- **What is required**
In the entries below, go to the line containing "this 1280×1440 image." and repeat it along with every later line, exactly.

Data entries:

::::::::::

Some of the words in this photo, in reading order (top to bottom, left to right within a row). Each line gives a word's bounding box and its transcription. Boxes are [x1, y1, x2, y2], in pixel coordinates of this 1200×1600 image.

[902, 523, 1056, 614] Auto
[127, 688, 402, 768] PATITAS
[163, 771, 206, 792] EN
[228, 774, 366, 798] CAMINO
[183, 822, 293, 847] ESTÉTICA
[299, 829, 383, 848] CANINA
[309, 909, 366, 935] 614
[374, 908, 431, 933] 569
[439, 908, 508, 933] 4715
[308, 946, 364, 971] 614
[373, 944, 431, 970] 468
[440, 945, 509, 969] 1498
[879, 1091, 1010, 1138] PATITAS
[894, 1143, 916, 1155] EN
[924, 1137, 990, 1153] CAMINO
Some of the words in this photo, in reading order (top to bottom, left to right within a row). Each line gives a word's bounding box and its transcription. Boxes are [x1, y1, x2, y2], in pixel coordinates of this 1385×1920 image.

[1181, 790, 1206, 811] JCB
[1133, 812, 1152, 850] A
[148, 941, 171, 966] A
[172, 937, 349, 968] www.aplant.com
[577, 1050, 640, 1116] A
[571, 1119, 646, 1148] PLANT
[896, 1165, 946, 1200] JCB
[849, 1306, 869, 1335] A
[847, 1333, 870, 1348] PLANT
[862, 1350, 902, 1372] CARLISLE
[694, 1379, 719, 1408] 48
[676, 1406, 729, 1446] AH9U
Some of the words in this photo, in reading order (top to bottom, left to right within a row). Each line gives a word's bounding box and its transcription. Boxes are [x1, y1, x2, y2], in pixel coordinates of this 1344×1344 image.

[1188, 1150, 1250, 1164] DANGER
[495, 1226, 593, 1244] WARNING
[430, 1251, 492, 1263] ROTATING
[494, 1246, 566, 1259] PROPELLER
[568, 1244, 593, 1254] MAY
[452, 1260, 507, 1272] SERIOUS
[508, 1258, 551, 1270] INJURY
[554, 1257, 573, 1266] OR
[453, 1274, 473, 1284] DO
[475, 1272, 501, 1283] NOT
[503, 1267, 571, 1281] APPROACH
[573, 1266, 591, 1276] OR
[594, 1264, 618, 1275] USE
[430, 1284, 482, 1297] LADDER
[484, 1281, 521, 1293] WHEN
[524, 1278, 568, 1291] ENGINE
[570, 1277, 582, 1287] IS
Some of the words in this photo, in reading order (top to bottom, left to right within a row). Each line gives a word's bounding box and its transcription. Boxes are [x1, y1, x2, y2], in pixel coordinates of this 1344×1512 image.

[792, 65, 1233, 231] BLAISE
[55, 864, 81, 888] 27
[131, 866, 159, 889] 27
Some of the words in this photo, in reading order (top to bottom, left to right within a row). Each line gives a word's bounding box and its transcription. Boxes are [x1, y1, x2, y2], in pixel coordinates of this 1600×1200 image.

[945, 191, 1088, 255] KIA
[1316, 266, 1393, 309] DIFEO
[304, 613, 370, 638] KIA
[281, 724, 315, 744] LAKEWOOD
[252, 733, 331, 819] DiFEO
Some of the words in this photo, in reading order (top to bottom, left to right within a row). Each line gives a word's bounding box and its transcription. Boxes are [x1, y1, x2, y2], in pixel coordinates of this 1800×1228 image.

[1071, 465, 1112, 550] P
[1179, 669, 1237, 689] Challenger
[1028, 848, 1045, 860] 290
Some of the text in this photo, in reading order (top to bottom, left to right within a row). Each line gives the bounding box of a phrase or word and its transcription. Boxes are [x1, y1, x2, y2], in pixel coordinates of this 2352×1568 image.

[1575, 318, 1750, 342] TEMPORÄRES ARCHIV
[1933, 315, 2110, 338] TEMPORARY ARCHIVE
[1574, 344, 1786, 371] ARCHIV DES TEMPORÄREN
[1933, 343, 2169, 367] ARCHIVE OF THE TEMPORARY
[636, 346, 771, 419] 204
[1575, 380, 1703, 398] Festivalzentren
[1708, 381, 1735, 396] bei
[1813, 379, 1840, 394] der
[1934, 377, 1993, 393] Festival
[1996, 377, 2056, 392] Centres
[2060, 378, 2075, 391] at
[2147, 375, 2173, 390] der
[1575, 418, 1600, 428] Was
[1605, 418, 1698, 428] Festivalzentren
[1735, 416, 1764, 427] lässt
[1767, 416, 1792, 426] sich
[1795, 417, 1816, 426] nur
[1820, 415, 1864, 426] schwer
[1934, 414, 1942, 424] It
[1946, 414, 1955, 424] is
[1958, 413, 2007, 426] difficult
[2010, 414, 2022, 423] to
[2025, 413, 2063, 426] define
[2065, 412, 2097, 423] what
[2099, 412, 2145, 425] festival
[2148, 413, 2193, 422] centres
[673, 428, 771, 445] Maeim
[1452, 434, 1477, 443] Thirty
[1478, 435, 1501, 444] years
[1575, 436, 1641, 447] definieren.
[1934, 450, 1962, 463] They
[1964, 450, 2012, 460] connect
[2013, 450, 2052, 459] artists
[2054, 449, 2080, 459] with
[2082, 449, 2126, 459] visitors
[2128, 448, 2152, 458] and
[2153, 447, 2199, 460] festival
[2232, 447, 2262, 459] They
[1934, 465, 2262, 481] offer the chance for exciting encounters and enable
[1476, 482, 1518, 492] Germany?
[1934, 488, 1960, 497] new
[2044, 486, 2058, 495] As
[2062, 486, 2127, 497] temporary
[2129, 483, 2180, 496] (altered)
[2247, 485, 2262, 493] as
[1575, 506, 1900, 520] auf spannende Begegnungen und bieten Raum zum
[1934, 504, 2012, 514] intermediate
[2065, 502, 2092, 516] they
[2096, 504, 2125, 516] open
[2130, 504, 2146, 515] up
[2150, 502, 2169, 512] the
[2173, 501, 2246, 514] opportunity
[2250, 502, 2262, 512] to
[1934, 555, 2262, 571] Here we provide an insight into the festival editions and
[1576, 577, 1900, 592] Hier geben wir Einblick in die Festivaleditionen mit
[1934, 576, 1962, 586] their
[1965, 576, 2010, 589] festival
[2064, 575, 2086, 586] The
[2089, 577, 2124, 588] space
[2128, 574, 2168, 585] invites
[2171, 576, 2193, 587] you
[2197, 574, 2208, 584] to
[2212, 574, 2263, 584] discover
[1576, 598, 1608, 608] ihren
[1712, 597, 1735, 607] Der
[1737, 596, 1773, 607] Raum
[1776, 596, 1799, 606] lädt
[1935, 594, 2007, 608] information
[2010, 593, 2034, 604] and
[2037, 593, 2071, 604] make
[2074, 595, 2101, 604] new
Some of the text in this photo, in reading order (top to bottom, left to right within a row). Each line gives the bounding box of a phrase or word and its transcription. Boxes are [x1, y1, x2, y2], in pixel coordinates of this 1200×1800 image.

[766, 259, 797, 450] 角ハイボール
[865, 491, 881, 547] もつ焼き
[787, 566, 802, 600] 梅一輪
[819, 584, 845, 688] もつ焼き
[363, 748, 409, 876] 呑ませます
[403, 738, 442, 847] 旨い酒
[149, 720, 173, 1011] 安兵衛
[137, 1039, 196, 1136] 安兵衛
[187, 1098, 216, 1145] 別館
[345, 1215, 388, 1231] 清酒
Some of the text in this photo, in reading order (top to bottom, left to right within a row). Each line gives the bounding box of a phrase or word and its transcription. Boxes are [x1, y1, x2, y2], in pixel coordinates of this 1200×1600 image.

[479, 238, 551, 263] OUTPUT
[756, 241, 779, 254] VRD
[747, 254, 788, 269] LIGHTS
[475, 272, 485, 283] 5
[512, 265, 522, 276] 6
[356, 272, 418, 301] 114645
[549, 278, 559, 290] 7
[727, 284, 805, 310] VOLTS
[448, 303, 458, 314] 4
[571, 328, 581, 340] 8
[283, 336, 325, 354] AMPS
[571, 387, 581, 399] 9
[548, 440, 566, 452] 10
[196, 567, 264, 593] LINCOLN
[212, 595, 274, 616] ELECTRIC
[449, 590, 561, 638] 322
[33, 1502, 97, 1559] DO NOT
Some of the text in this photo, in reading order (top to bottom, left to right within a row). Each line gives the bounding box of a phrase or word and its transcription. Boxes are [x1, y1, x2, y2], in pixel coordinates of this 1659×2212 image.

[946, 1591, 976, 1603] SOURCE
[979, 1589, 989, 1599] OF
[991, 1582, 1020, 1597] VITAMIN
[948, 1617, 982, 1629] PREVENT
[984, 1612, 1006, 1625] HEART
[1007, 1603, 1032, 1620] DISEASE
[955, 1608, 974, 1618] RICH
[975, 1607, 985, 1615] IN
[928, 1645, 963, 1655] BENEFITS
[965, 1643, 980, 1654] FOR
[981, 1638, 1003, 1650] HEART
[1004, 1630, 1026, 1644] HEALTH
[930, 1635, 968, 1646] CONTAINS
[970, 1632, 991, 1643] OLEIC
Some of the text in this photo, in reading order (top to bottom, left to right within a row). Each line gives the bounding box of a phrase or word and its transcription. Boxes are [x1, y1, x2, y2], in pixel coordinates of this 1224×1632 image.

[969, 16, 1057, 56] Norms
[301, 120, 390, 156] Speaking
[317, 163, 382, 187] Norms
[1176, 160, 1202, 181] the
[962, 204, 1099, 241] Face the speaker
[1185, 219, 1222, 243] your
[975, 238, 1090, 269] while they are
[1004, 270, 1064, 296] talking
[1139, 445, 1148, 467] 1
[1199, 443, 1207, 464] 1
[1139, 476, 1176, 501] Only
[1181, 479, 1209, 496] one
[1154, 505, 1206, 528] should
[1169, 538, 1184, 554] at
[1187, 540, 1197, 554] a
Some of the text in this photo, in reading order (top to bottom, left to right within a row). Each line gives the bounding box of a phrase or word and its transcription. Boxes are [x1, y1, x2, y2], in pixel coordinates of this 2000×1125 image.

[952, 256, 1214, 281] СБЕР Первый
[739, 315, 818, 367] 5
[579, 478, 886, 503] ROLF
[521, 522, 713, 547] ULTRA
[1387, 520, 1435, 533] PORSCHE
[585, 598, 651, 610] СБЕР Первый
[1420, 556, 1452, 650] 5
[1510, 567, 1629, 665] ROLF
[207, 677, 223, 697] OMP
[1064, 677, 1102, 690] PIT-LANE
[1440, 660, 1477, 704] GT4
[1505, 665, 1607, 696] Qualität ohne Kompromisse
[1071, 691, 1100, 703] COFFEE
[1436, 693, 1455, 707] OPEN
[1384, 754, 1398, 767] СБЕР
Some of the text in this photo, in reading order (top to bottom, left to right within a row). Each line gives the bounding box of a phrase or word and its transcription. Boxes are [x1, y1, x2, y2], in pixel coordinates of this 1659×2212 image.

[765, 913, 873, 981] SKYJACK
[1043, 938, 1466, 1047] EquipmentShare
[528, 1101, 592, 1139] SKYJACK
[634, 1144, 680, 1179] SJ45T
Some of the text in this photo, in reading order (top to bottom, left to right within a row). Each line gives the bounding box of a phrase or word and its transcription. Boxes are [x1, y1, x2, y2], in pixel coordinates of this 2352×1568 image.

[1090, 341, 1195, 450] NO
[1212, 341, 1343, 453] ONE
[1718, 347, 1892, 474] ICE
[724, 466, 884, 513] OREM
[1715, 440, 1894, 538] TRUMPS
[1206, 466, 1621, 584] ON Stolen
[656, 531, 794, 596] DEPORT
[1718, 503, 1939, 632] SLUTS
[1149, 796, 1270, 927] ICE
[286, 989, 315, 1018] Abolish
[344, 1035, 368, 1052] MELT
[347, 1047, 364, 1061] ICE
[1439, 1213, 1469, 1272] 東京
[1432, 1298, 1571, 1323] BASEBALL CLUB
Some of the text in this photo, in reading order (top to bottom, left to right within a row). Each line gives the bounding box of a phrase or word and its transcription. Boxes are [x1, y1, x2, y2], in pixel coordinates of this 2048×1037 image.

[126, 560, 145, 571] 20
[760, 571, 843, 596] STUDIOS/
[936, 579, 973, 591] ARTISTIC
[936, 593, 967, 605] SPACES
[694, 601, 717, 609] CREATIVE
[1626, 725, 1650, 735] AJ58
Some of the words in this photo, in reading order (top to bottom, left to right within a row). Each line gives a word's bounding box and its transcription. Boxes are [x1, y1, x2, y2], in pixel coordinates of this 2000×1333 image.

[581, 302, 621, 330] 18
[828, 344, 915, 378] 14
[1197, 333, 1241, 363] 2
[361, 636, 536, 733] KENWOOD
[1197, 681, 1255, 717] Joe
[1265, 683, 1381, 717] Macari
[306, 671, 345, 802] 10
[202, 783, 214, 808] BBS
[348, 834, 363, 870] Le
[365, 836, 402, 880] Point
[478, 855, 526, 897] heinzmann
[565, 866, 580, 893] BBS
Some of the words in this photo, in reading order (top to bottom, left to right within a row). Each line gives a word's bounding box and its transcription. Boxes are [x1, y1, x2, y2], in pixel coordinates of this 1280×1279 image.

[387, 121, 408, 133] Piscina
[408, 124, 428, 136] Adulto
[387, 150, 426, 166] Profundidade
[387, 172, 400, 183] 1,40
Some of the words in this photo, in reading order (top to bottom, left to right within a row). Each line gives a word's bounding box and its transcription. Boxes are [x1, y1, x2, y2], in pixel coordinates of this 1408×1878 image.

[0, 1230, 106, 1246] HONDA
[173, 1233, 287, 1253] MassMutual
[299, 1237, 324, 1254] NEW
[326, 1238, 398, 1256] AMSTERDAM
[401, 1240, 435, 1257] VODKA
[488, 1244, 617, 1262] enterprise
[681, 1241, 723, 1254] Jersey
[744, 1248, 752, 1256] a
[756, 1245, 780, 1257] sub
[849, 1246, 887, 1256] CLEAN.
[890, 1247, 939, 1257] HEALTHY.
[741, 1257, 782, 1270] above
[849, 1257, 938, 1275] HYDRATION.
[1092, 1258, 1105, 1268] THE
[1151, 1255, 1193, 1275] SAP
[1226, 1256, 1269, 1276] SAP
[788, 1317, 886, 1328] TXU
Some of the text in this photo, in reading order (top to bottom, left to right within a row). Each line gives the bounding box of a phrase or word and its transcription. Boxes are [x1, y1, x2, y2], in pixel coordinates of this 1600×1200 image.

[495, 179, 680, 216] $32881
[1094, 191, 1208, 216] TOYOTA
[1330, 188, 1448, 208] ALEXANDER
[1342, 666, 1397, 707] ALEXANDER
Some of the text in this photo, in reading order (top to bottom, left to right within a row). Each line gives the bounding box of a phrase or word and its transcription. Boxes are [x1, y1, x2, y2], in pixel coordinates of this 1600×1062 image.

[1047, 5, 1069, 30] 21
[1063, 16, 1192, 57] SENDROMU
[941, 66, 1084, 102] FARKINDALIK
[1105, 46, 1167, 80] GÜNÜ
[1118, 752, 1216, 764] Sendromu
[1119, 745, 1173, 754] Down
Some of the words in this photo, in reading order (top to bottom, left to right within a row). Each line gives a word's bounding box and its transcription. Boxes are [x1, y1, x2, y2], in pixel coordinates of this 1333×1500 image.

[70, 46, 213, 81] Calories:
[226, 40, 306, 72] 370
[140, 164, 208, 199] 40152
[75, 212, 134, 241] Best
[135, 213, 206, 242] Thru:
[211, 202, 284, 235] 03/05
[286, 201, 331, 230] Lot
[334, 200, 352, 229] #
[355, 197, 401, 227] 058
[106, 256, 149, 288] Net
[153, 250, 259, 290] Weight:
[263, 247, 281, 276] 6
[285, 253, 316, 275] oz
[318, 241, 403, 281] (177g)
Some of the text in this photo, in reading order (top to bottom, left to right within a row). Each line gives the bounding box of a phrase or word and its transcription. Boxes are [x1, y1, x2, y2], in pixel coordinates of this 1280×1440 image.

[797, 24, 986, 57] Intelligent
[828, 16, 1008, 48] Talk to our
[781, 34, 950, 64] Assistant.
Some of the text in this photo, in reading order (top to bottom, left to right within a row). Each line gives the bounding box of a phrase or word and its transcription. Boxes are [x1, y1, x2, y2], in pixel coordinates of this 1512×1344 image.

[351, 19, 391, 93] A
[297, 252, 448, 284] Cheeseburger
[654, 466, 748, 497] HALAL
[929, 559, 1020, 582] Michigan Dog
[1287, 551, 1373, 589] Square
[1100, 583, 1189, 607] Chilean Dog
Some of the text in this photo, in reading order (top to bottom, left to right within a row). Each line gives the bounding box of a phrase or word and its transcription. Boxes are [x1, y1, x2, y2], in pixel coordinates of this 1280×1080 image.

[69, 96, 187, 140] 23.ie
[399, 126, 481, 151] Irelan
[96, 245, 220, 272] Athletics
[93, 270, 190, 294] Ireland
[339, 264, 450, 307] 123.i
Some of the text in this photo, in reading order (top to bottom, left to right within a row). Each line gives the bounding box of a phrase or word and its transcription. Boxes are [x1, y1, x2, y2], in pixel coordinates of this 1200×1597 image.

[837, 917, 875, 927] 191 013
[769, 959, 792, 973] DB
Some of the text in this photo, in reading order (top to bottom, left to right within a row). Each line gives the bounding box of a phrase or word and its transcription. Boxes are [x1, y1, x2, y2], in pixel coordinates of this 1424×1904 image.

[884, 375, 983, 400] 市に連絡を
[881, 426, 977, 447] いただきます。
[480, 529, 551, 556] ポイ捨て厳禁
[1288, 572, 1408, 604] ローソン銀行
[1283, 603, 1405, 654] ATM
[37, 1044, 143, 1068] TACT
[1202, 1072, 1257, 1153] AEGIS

::::::::::

- **Task result**
Some of the text in this photo, in reading order (top to bottom, left to right within a row). Each line gives the bounding box of a phrase or word and its transcription. Boxes are [x1, y1, x2, y2], in pixel coordinates of this 1280×1440 image.

[797, 24, 986, 57] Intelligent
[828, 16, 1008, 48] Talk to our
[781, 34, 950, 64] Assistant.
Some of the text in this photo, in reading order (top to bottom, left to right within a row). Each line gives the bounding box of a phrase or word and its transcription. Boxes are [x1, y1, x2, y2], in pixel coordinates of this 1512×1344 image.

[351, 19, 391, 93] A
[297, 252, 448, 284] Cheeseburger
[654, 466, 748, 497] HALAL
[929, 559, 1020, 582] Michigan Dog
[1287, 551, 1373, 589] Square
[1100, 583, 1189, 607] Chilean Dog
Some of the text in this photo, in reading order (top to bottom, left to right within a row). Each line gives the bounding box of a phrase or word and its transcription. Boxes are [x1, y1, x2, y2], in pixel coordinates of this 1280×1080 image.

[69, 96, 187, 140] 23.ie
[399, 126, 481, 151] Irelan
[96, 245, 220, 272] Athletics
[93, 270, 190, 294] Ireland
[339, 264, 450, 307] 123.i
Some of the text in this photo, in reading order (top to bottom, left to right within a row). Each line gives the bounding box of a phrase or word and its transcription. Boxes are [x1, y1, x2, y2], in pixel coordinates of this 1200×1597 image.

[837, 917, 875, 927] 191 013
[769, 959, 792, 973] DB
Some of the text in this photo, in reading order (top to bottom, left to right within a row). Each line gives the bounding box of a phrase or word and its transcription. Boxes are [x1, y1, x2, y2], in pixel coordinates of this 1424×1904 image.

[884, 375, 983, 400] 市に連絡を
[881, 426, 977, 447] いただきます。
[480, 529, 551, 556] ポイ捨て厳禁
[1288, 572, 1408, 604] ローソン銀行
[1283, 603, 1405, 654] ATM
[37, 1044, 143, 1068] TACT
[1202, 1072, 1257, 1153] AEGIS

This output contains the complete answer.